What is being asked — Please retype the records below exactly as they appear, but leave out the pictures.

BEGIN Available data

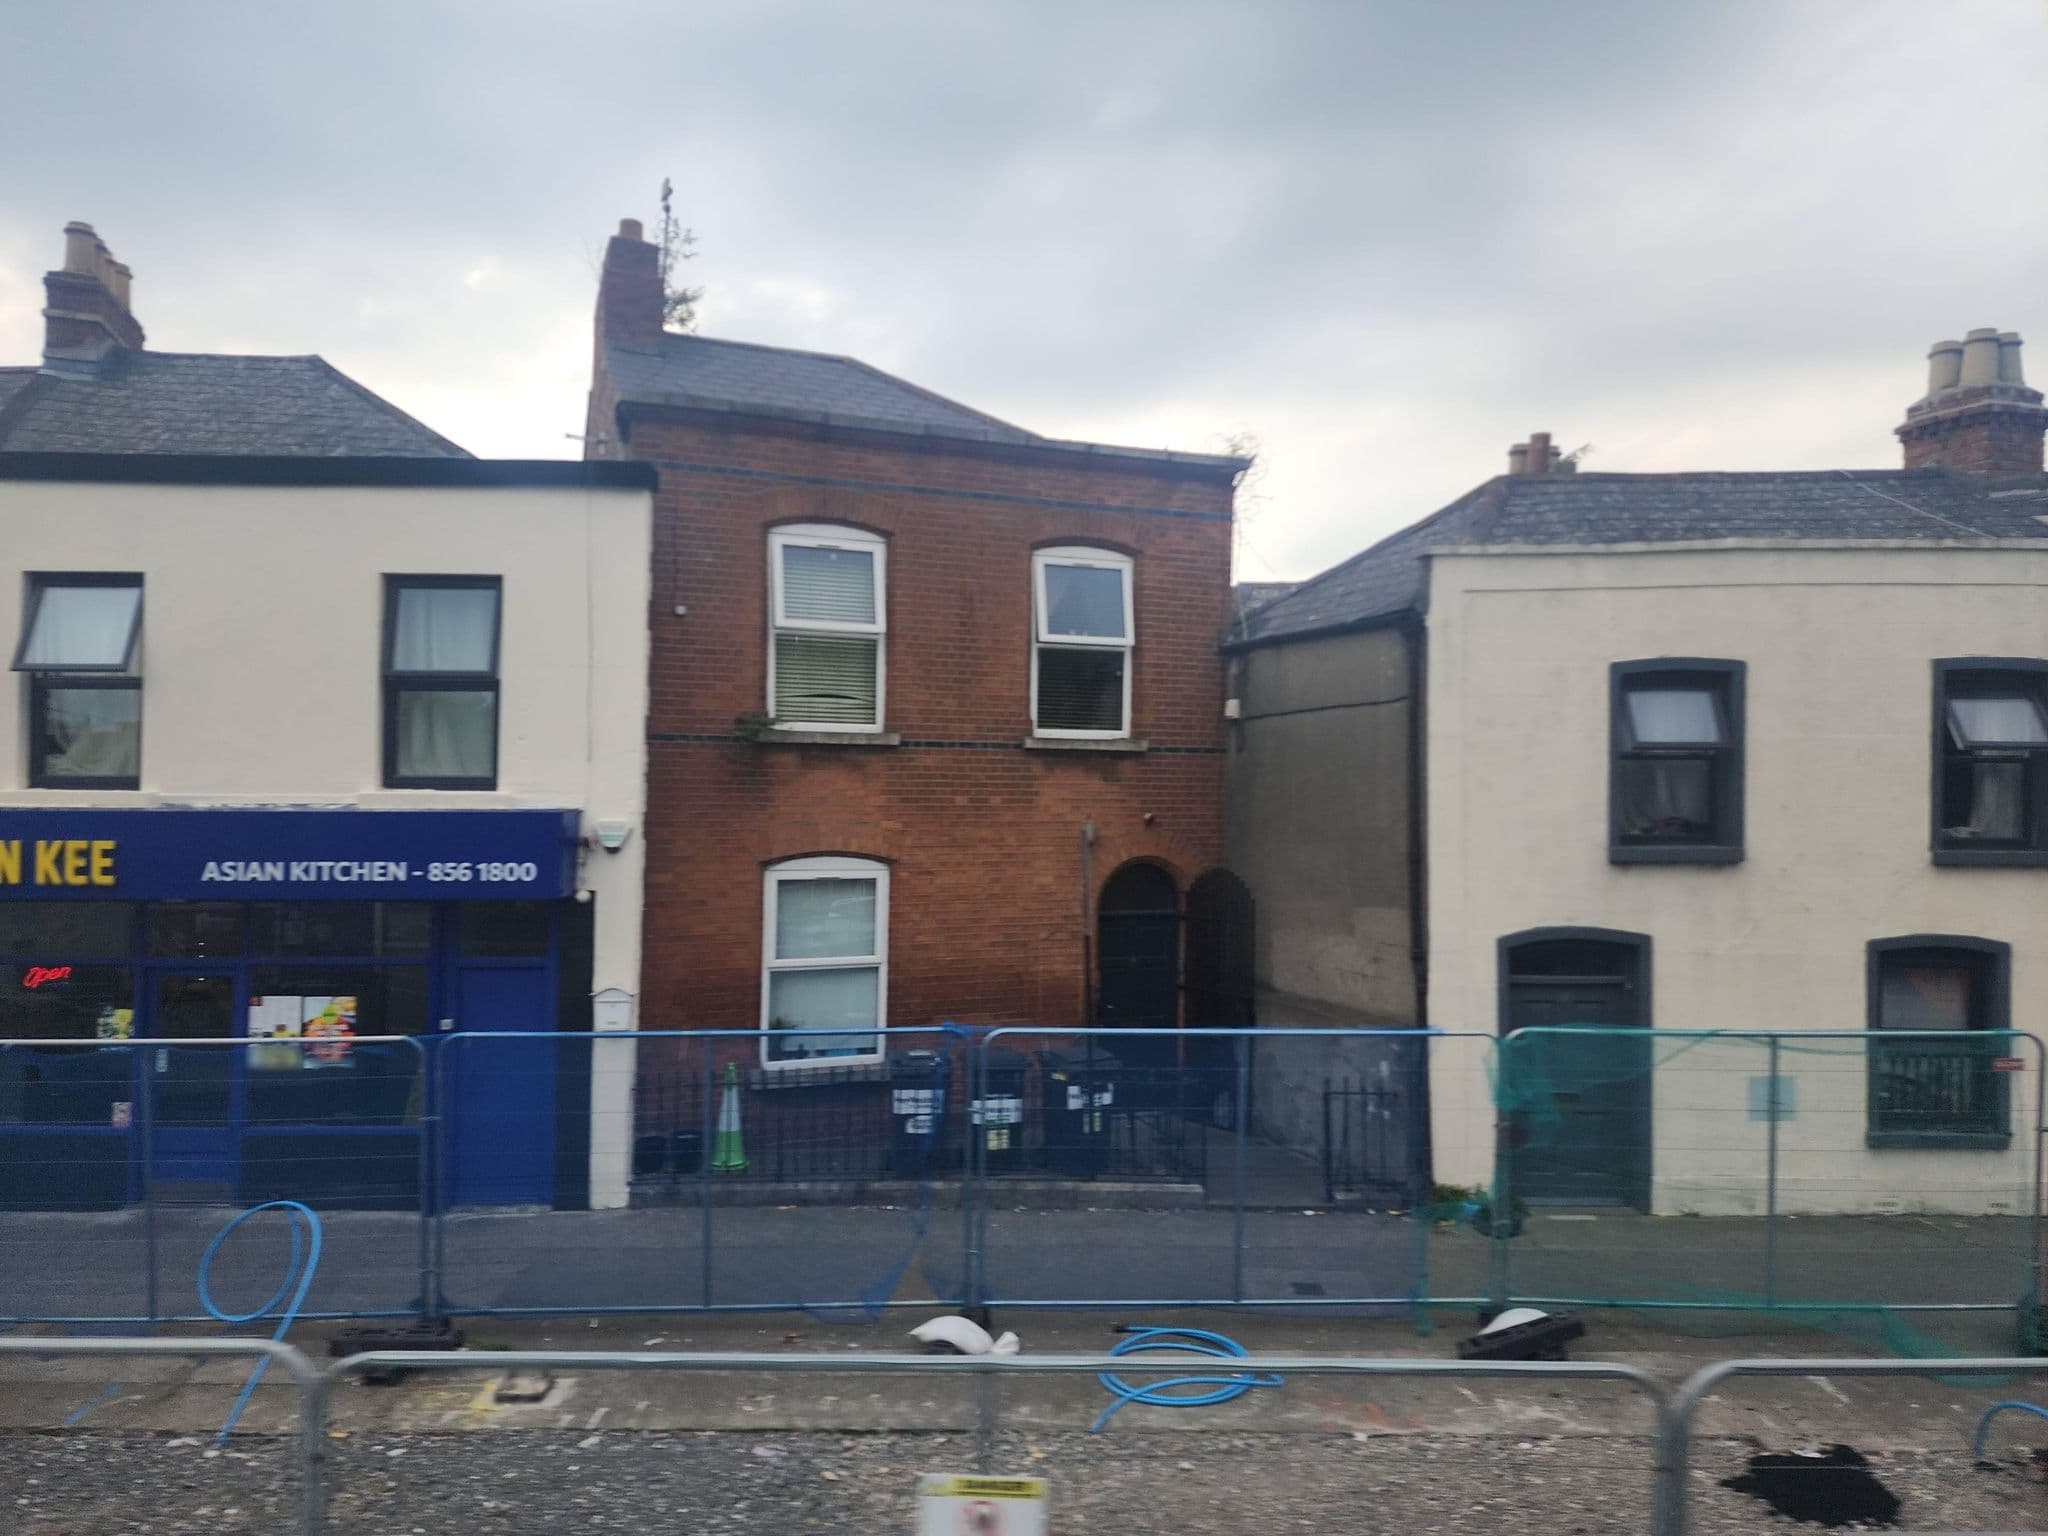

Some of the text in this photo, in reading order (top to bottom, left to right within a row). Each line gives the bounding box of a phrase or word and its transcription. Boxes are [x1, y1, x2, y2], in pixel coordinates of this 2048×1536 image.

[35, 840, 117, 886] KEE
[200, 861, 285, 882] ASIAN
[289, 861, 408, 882] KITCHEN
[427, 862, 473, 882] 856
[475, 862, 538, 882] 1800
[23, 966, 72, 988] Open

END Available data

Result for this task —
Some of the text in this photo, in reading order (top to bottom, left to right within a row). Each line gives the bounding box of a phrase or word and its transcription. Boxes are [x1, y1, x2, y2], in pixel coordinates of this 2048×1536 image.

[35, 840, 117, 886] KEE
[200, 861, 285, 882] ASIAN
[289, 861, 408, 882] KITCHEN
[427, 862, 473, 882] 856
[475, 862, 538, 882] 1800
[23, 966, 72, 988] Open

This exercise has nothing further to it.